Wouter Woud

Acknowledgements 204 ACKNOWLEDGEMENTS “Laboring five years to write a book that most readers will pick up to flip straight to the acknowledgements, is an excellent exercise in modesty” - Josje Kok, 2021 I have been told that this section is often the most-read part of any thesis. So if this is the first time you read the words ‘Extracellular Vesicle’ and ‘Imaging Flow Cytometry’: please go back to the beginning and actually read this thesis. Chances are you will like it, and – who knows – you might learn a thing or two. With that out of the way, I would like to dedicate this section to the many people who have in some form contributed to my PhD-trajectory. As every sentence written during these last five years has been scrutinized, structured, debated, changed, and re-written - I here refuse to do any of that. I have, however, roughly organized this section into three parts. Although many of you cannot (and should not ever) be placed into a single category, my (scientific) inclination for order and cataloguing is near compulsive – leaving me no other options ☺. “I don’t know half of you half as well as I should like, and I like less than half of you half as well as you deserve” – John. R. R. Tolkien, 1954 Dear Prof. dr. Carla C. Baan, thank you for giving me the opportunity to perform my PhD studies at the Rotterdam Transplantation Lab, for seeing the potential in the (early) ImageStream experiments conducted at Sanquin (Amsterdam), for acquiring our own IFCM at the Transplantation Laboratory, and for your critical approach and comments to all the experiments and writing performed. You allowed me the freedom to ‘play’ at the lab (although, as scientists we prefer to say ‘test’), made sure I did not lose oversight of the bigger picture (the completion of this thesis), and taught me to take my time during presentations (I have the tendency to speed-up in my enthusiasm).

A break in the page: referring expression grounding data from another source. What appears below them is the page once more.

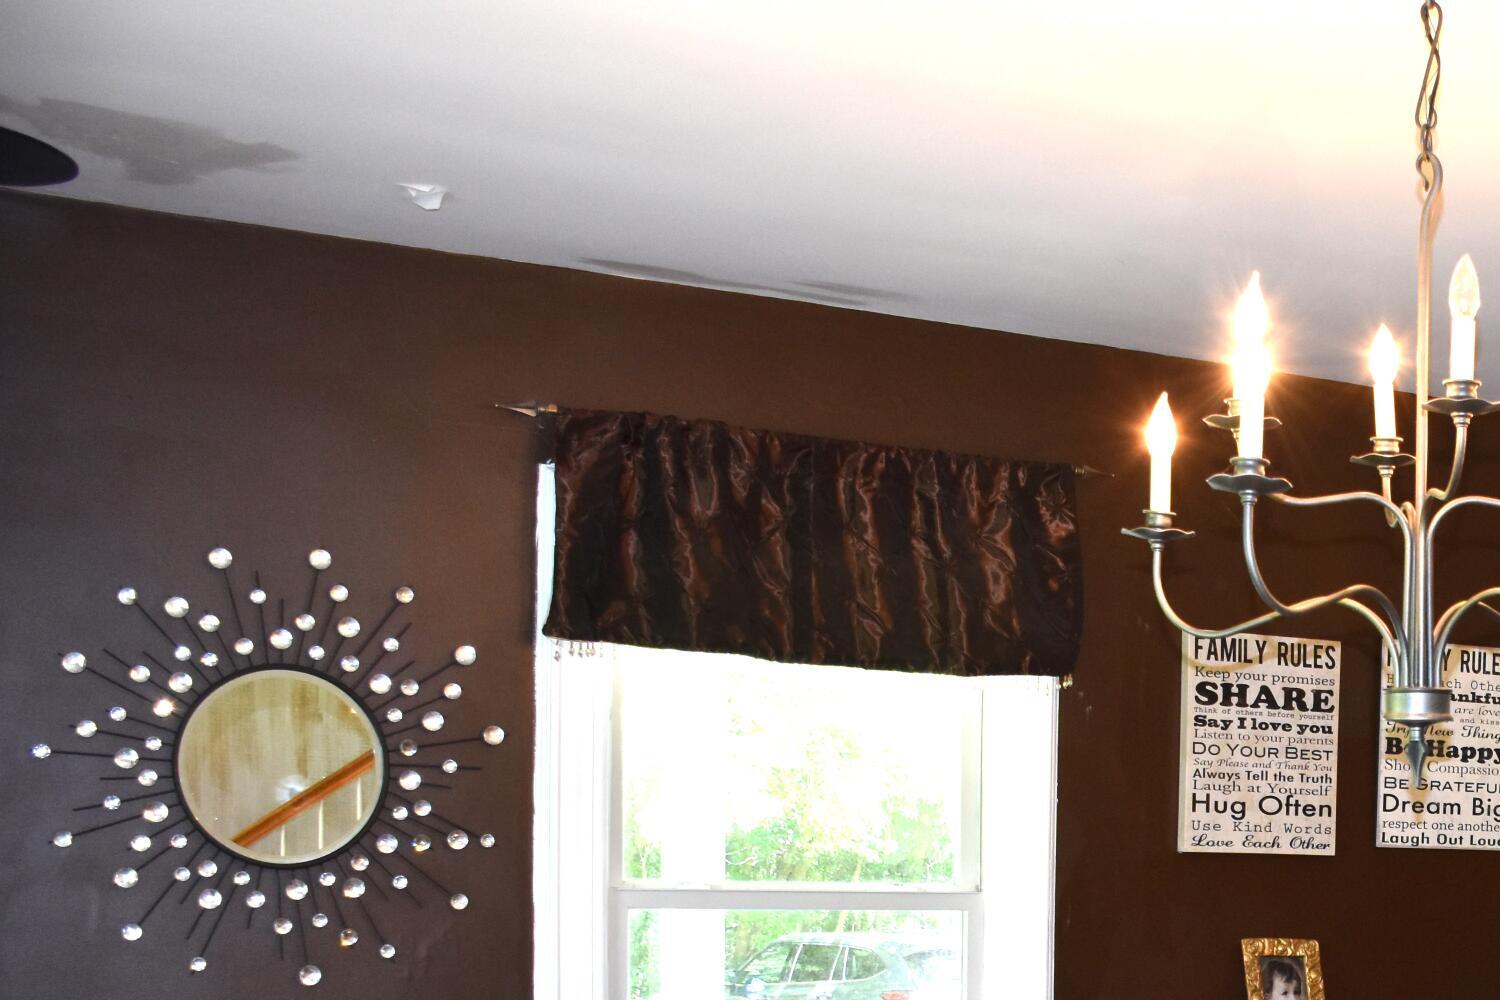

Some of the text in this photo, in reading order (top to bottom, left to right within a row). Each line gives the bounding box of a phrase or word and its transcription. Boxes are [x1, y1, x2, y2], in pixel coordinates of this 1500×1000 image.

[1195, 637, 1336, 670] FAMILY RULES
[1195, 666, 1335, 686] Keep your promises
[1195, 681, 1335, 713] SHARE
[1194, 706, 1217, 714] Think
[1194, 715, 1333, 735] Say I love you
[1194, 729, 1334, 747] Listen to your parents
[1227, 744, 1279, 759] YOUR
[1286, 747, 1333, 761] BEST
[1193, 758, 1213, 767] Say
[1216, 759, 1248, 767] Please
[1252, 760, 1273, 769] and
[1275, 761, 1310, 771] Thank
[1385, 759, 1410, 771] Sho
[1193, 768, 1332, 784] Always Tell the Truth
[1384, 777, 1408, 789] BE
[1193, 780, 1331, 796] Laugh at Yourself
[1192, 793, 1331, 820] Hug Often
[1382, 794, 1460, 815] Dream
[1192, 820, 1331, 835] Use Kind Words
[1382, 820, 1428, 832] respect
[1431, 822, 1454, 830] one
[1191, 834, 1330, 849] Love Each Other
[1382, 832, 1429, 846] Laugh
[1437, 834, 1463, 845] Out

Dear Dr. ir. Karin Boer, thank you for being there all along the way, for all the chats (both work and non-work related), for nourishing my enthusiasm when an experiments’ outcome was in line with expectations (and for motivating me when it wasn’t), and for helping me organize my thoughts on paper. Although I ‘derailed’ my own project – away from a biomarkers’ perspective, and into a more technical approach – you managed to keep up and be as excited as I was when we found/saw something new. Keep speaking your mind and be direct, it is your greatest gift ☺.